While some parents in Ontario threaten to opt-out of sex education, others are more interested in opting out of what’s seen as a more an integral part of education: testing.
“Teachers have been tied to having to teach a very rigid curriculum,” said Joel Westheimer, a University of Ottawa professor and research chair.
On Sept. 16, at Octopus Books at 251 Bank St., he launched a new book, What Kind of Citizen? Educating Our Children for the Common Good, that critiques the current education system for being too focused on standardized testing.
In Ontario, standardized tests are created and administered by the Education Quality and Accountability Office (EQAO). These tests assess the math and literacy skills of students in Grades 3, 6 and 9.
“Kids call it evil questions attacking Ontario,” said Westheimer.
In his book, Westheimer writes that over the past two decades, he’s seen the focus on test preparation cause teachers to teach more math and language arts at the expense of visual art, social science, computers, health and physical education.
“Instead of measuring the things that we care about,” he said, “we start to care about the things that we can measure.”

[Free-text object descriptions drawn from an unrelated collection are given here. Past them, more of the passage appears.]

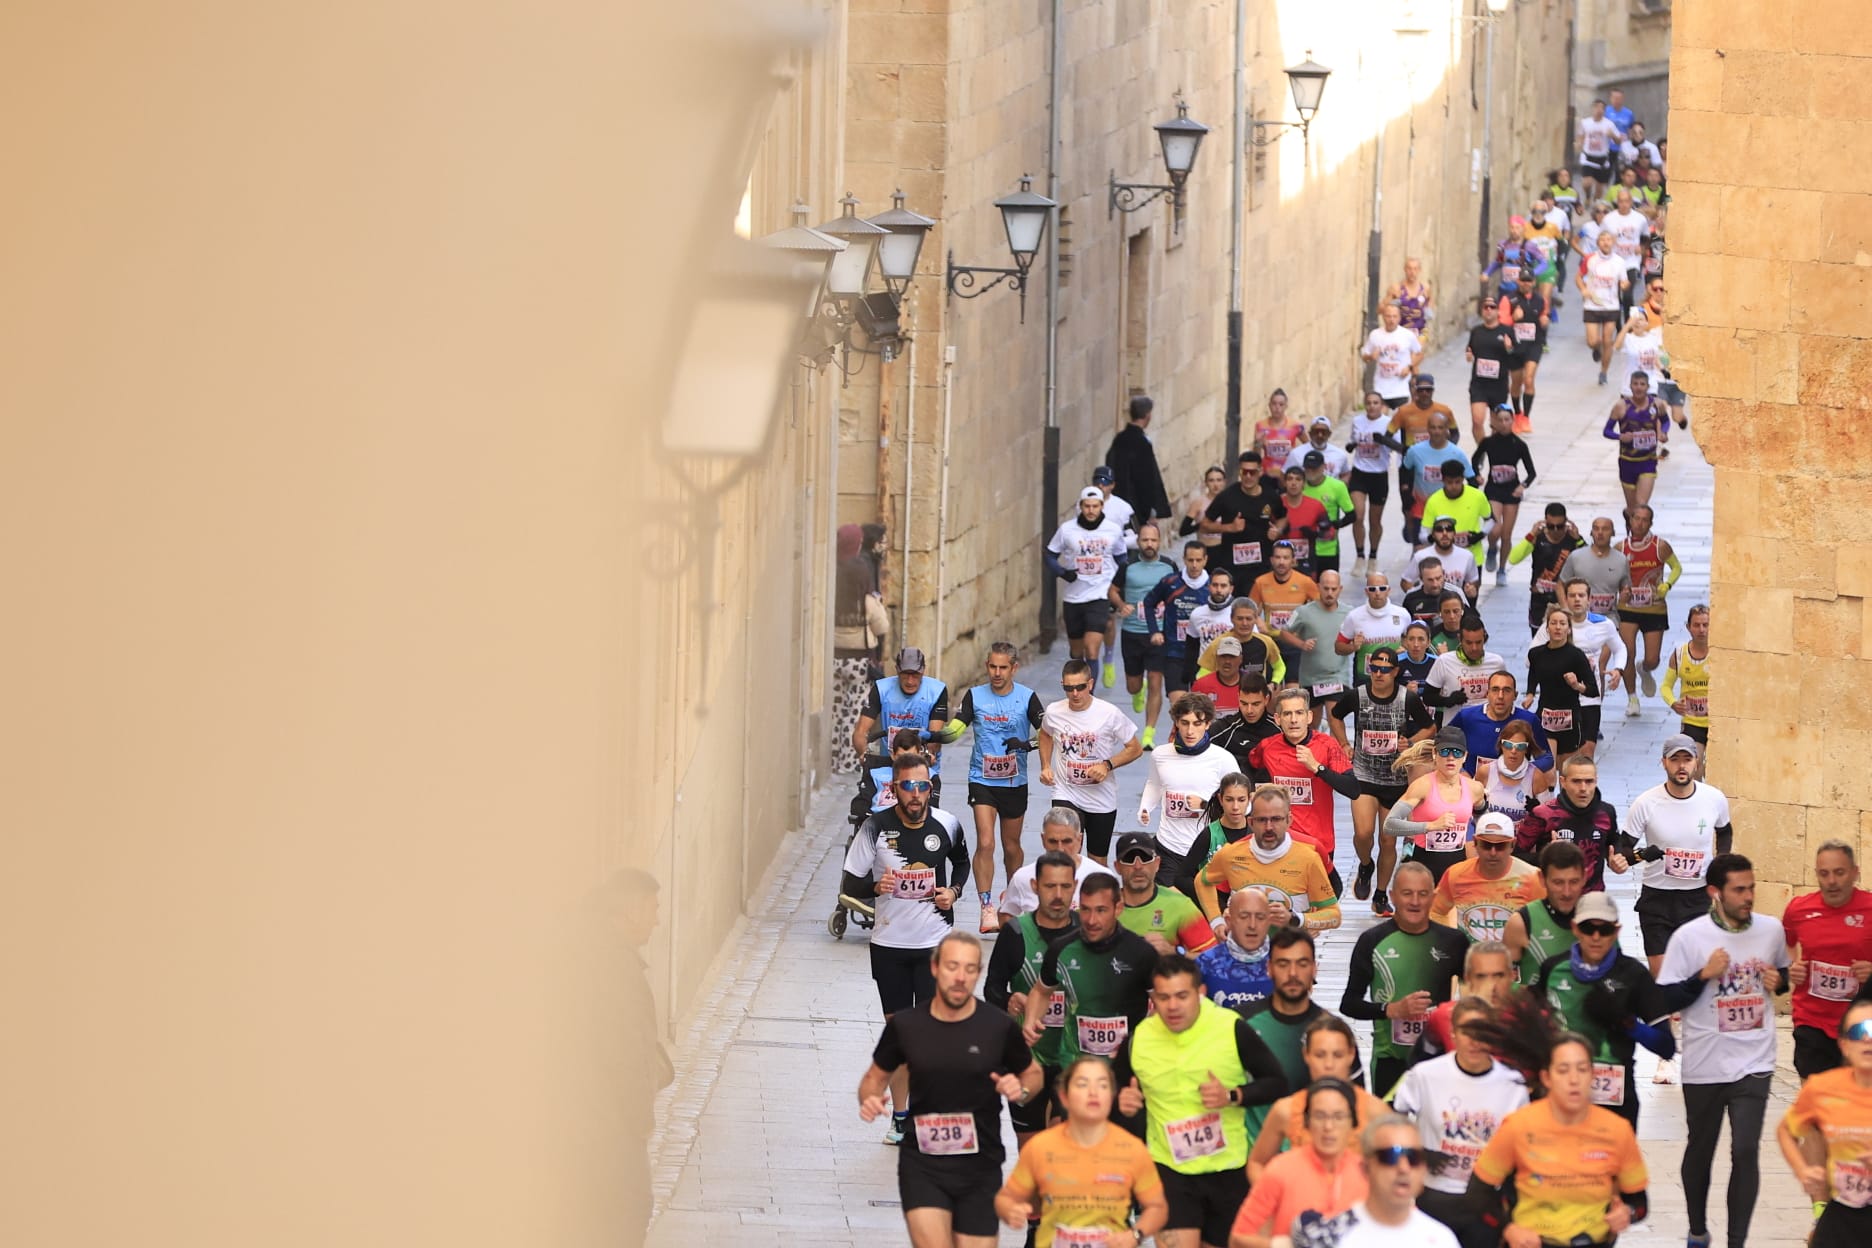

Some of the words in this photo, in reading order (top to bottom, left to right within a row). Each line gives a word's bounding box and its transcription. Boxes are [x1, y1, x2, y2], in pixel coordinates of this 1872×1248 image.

[1470, 684, 1481, 693] 23
[1370, 739, 1389, 748] 597
[983, 756, 1016, 764] bedunia
[990, 762, 1010, 772] 489
[1073, 769, 1089, 779] 56
[1275, 778, 1311, 787] bedunia
[1165, 792, 1186, 800] bedu
[1170, 800, 1190, 811] 39
[1435, 832, 1457, 843] 229
[1666, 850, 1705, 860] bedunia
[1673, 858, 1697, 871] 317
[891, 871, 934, 881] bedunia
[900, 880, 926, 892] 614
[1820, 975, 1847, 990] 281
[1728, 1007, 1755, 1021] 311
[1080, 1019, 1127, 1030] bedunia
[1402, 1020, 1422, 1034] 38
[1087, 1030, 1116, 1043] 380
[1591, 1077, 1611, 1092] 32
[916, 1117, 973, 1127] bedunia
[1167, 1112, 1221, 1136] bedunia
[930, 1127, 962, 1141] 238
[1183, 1126, 1214, 1148] 148

Erika Shaker, director of the Education Project for the Canadian Centre for Policy Alternatives (CCPA), said the research done by the Ottawa-based policy research group has found that wealthier children tend to do better on standardized tests—their schools, in turn, receive better funding, increasing the disparity in quality of education along class lines.
Shaker has a daughter in the Ottawa-Carleton District School Board. After discussing her concerns about standardized testing, she said her daughter chose not to participate in the Grade 3 EQAO test.

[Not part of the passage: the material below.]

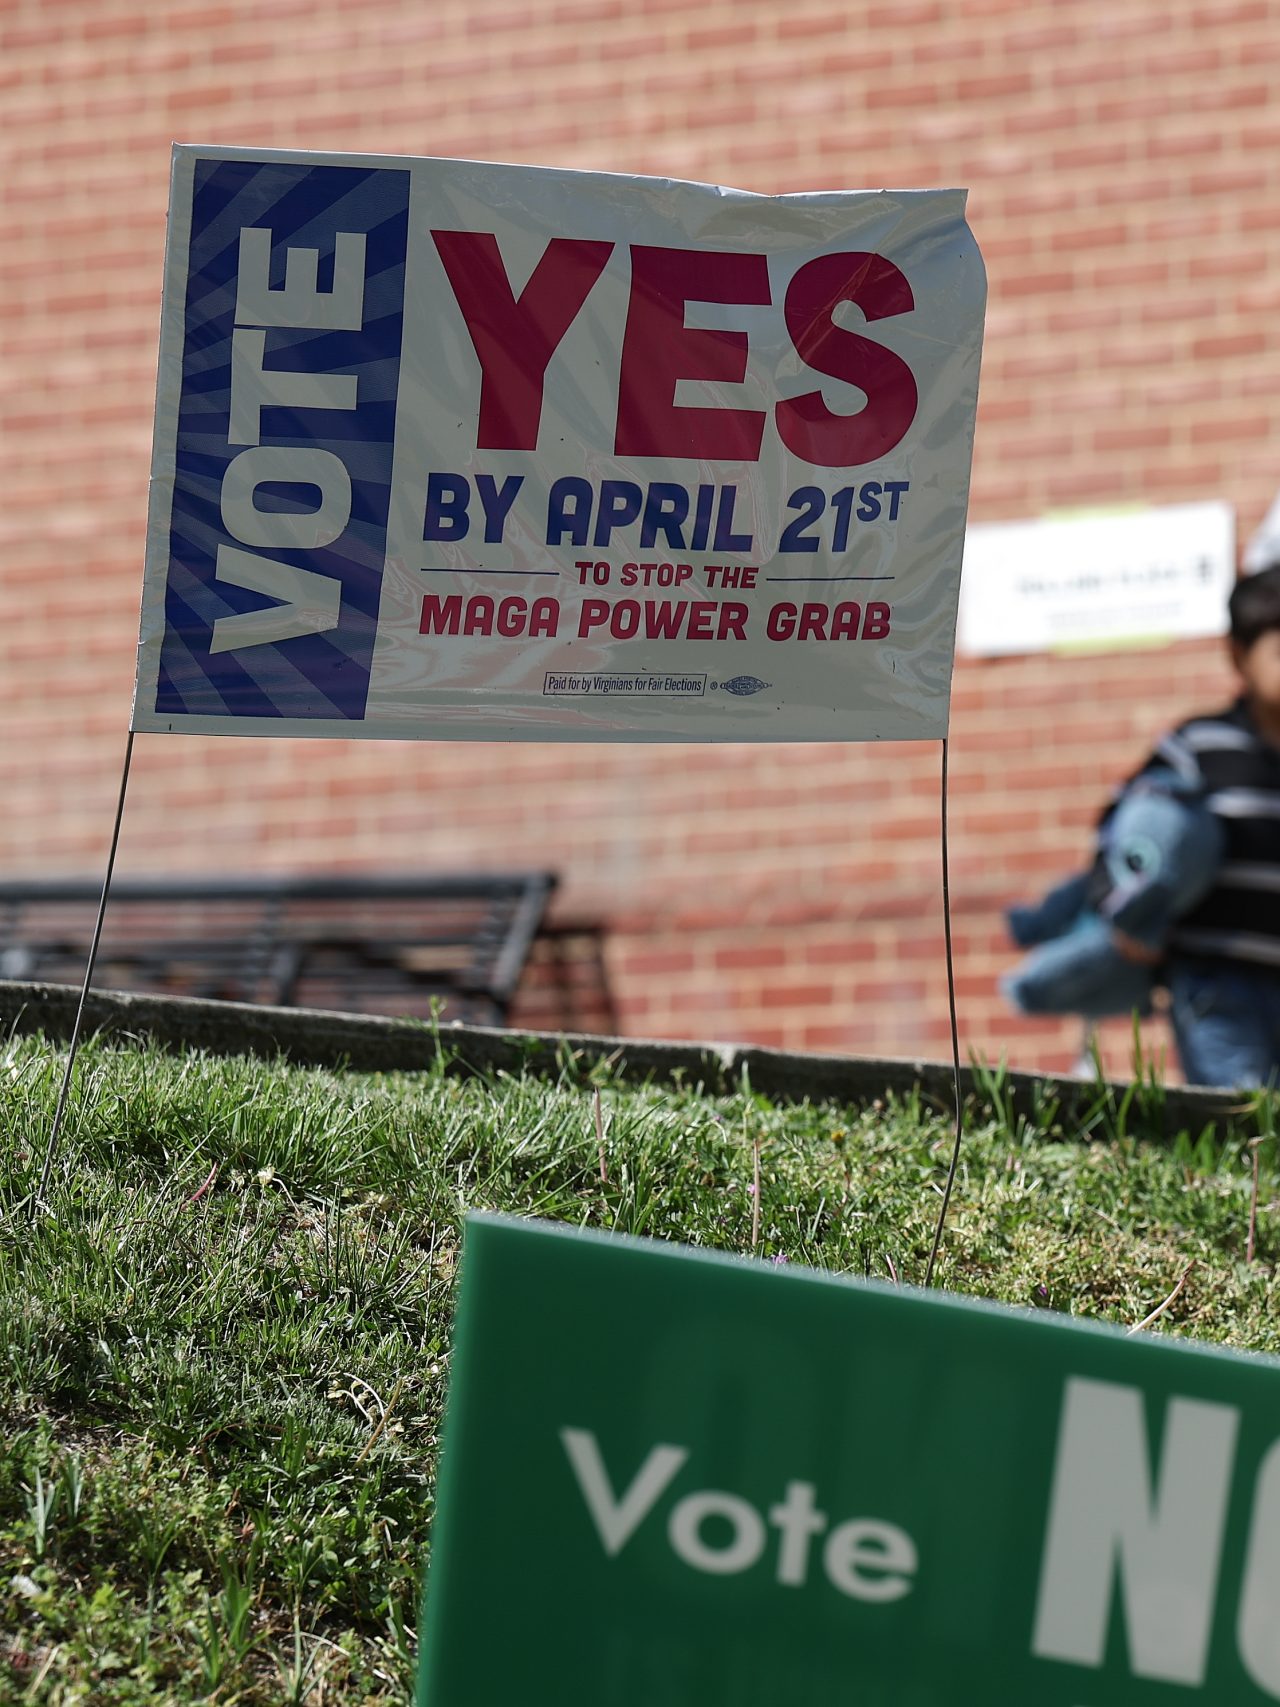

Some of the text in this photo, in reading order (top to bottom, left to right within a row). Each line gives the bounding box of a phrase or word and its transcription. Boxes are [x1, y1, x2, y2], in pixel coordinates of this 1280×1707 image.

“I didn’t see it as an effective use of class time,” Shaker said.
On the day of the test, she said her daughter did classwork at home in the morning and went to school once the testing period was over. Shaker said the school was fine with it: “It was a non-issue.”
More parents across the province have been choosing to opt-out of the tests. Jennifer Adams, director of the Ottawa-Carleton School Board said her board “strongly encourages” students to write the tests.
At the book launch, Westheimer said that while he supports the opt-out movement, he isn’t entirely against standardized testing—assessing schools as a barometer for how things are going can be a good thing.
“It’s not like there are big, bad, evil administrators trying to harm children,” he said. “Everyone’s trying to do what they think is the best thing.”